Allo sbocco in corso Giulio si materializzano le truppe che imbottigliano i manifestanti. Dopo lunga tensione e scarne trattative, i poliziotti si aprono e il corteo prosegue per piazza della Repubblica. Ma ormai i banchi sono smontati: restano solo i mercandini più tardivi che tirano su la roba e filano di corsa. In terra il consueto strato di cellophan, cartoni e frutta marcia del dopo mercato. Sono andati via anche quelli che raccolgono la roba lasciata in terra dai rivenditori di verdura. La polizia pressa ma i manifestanti sostano a lungo negli angoli della piazza, raccontando le storie che nessuno sa, quelle di chi occupa e rende vivo un posto, senza soldi, senza clienti, senza mercimonio della vita quotidiana.
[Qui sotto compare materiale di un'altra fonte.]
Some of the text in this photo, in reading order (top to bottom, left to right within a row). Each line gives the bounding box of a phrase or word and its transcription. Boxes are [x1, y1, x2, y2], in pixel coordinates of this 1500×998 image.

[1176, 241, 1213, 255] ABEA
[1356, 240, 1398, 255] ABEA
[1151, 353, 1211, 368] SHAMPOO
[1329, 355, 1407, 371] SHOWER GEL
Le storie di chi lotta contro il razzismo, le retate, la violenza di Stato.
Storie sulle quali vogliono scrivere la parola "fine", non sapendo che i posti passano ma le persone che rendono vive le idee di libertà e autogestione restano e trovano altri compagni di strada.
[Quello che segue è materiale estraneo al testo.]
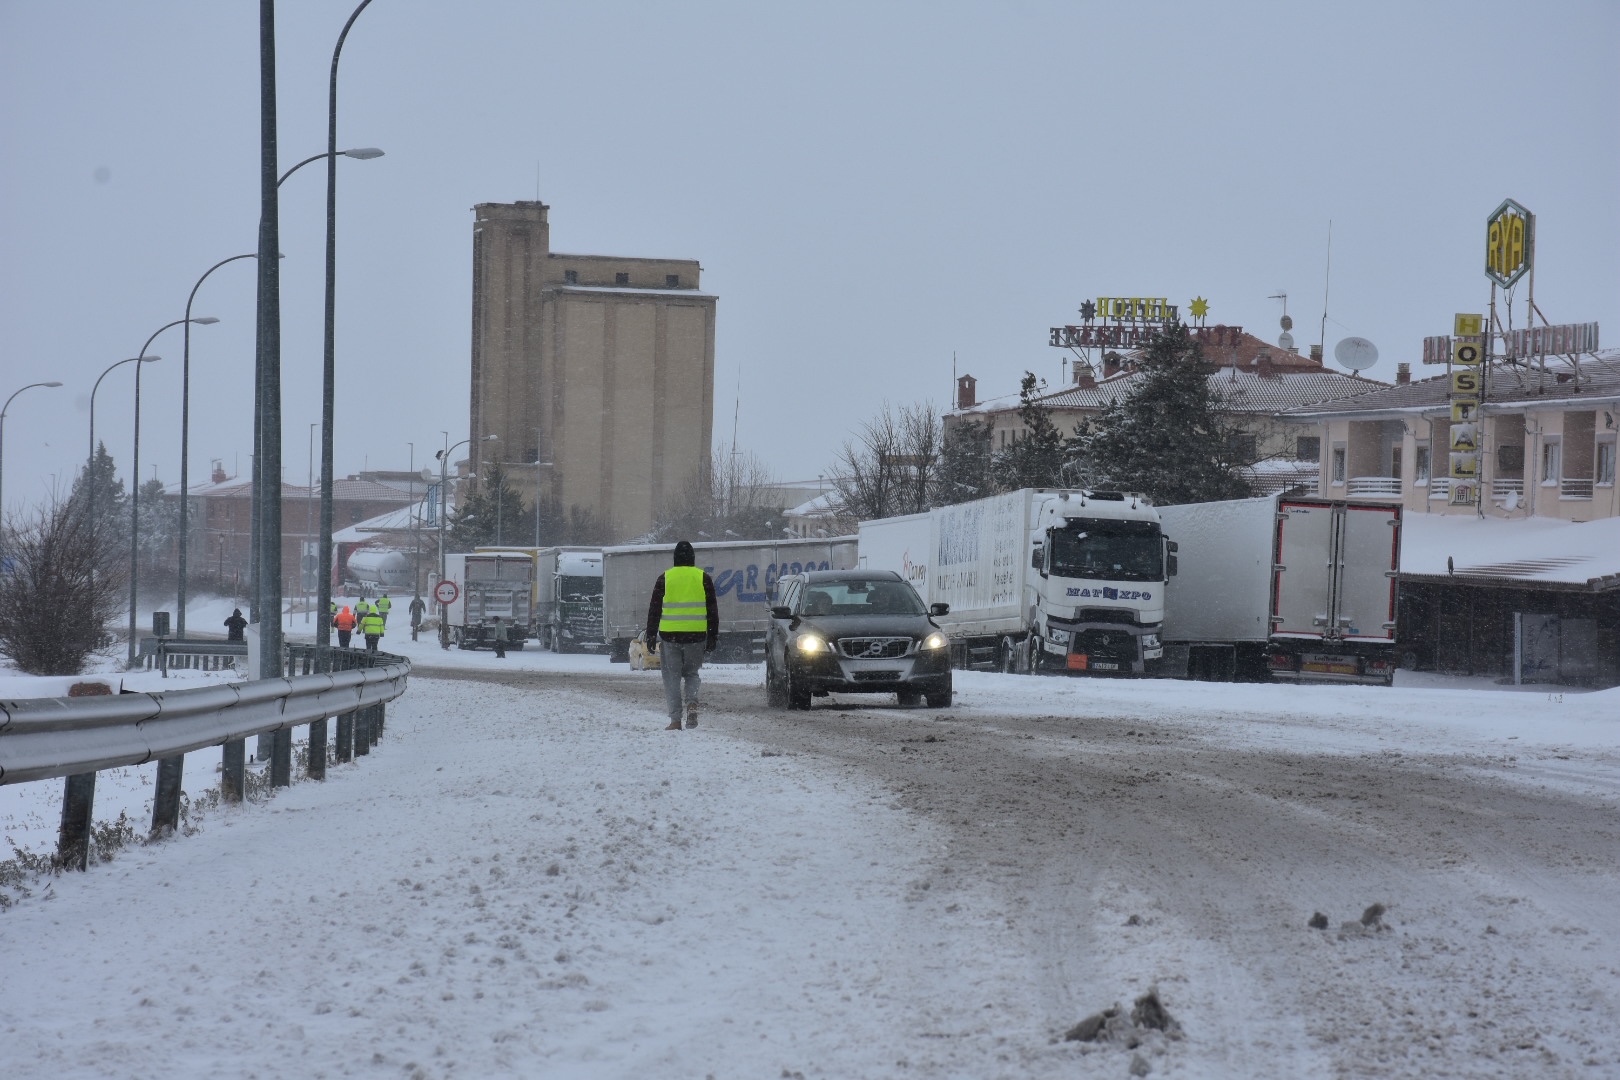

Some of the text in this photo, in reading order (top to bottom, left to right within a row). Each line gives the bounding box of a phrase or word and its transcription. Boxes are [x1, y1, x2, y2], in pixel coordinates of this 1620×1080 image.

[1095, 297, 1173, 318] HOTEL
[1064, 325, 1243, 348] RESTANTE
[1423, 336, 1447, 363] BAR
[1506, 323, 1594, 358] CAFETERIA
[1454, 317, 1479, 475] HOSTAL
In serata un gruppo di squatter prova a rioccupare l'ex facoltà di Economia e Commercio, nel centro della movida torinese. Ma non ce n'è. La polizia accerchia il palazzo con nove camionette e un centinaio di uomini in divisa. Gli anarchici solidali fuori pressano ma il rapporto è di tre a uno. Alla fine si ottiene che quelli dentro escano senza denuncia e poi tutti a casa. Questa, almeno, l'abbiamo pareggiata.

Lunedì 1 febbraio
La digos recapita ad alcuni compagni della FAI Torinese gli avvisi di conclusione delle indagini per imbrattamento alla sede della Croce Rossa, in occasione della giornata internazionale contro i CIE. Lo stesso giorno arriva anche la conclusione indagini ad anarchici della FAI e di Torino Squatter per vilipendio alle forze armate e alla bandiera nazionale, bruciata in piazza Castello il 4 novembre.
All'ombra della Mole, dove la gente fa sempre più fatica ad arrivare a fine mese, dove chi è in "cassa" è guardato con invidia da chi il lavoro l'ha perso o non ce l'ha, in attesa delle elezioni e dell'ostensione della sindone, destra e sinistra si giocano la partita facendo leva sulla paura e presentandosi come partiti d'ordine.
Spazzare via gli anarchici, comminando denunce e sgomberando case, è il loro obiettivo. Ma, nonostante l'impiego di centinaia di uomini in armi, fanno fatica. Tra ottobre e dicembre hanno sgomberato cinque posti. In gennaio tre posti sono stati rioccupati e nuovamente sgomberati. Ma non finisce certo qui.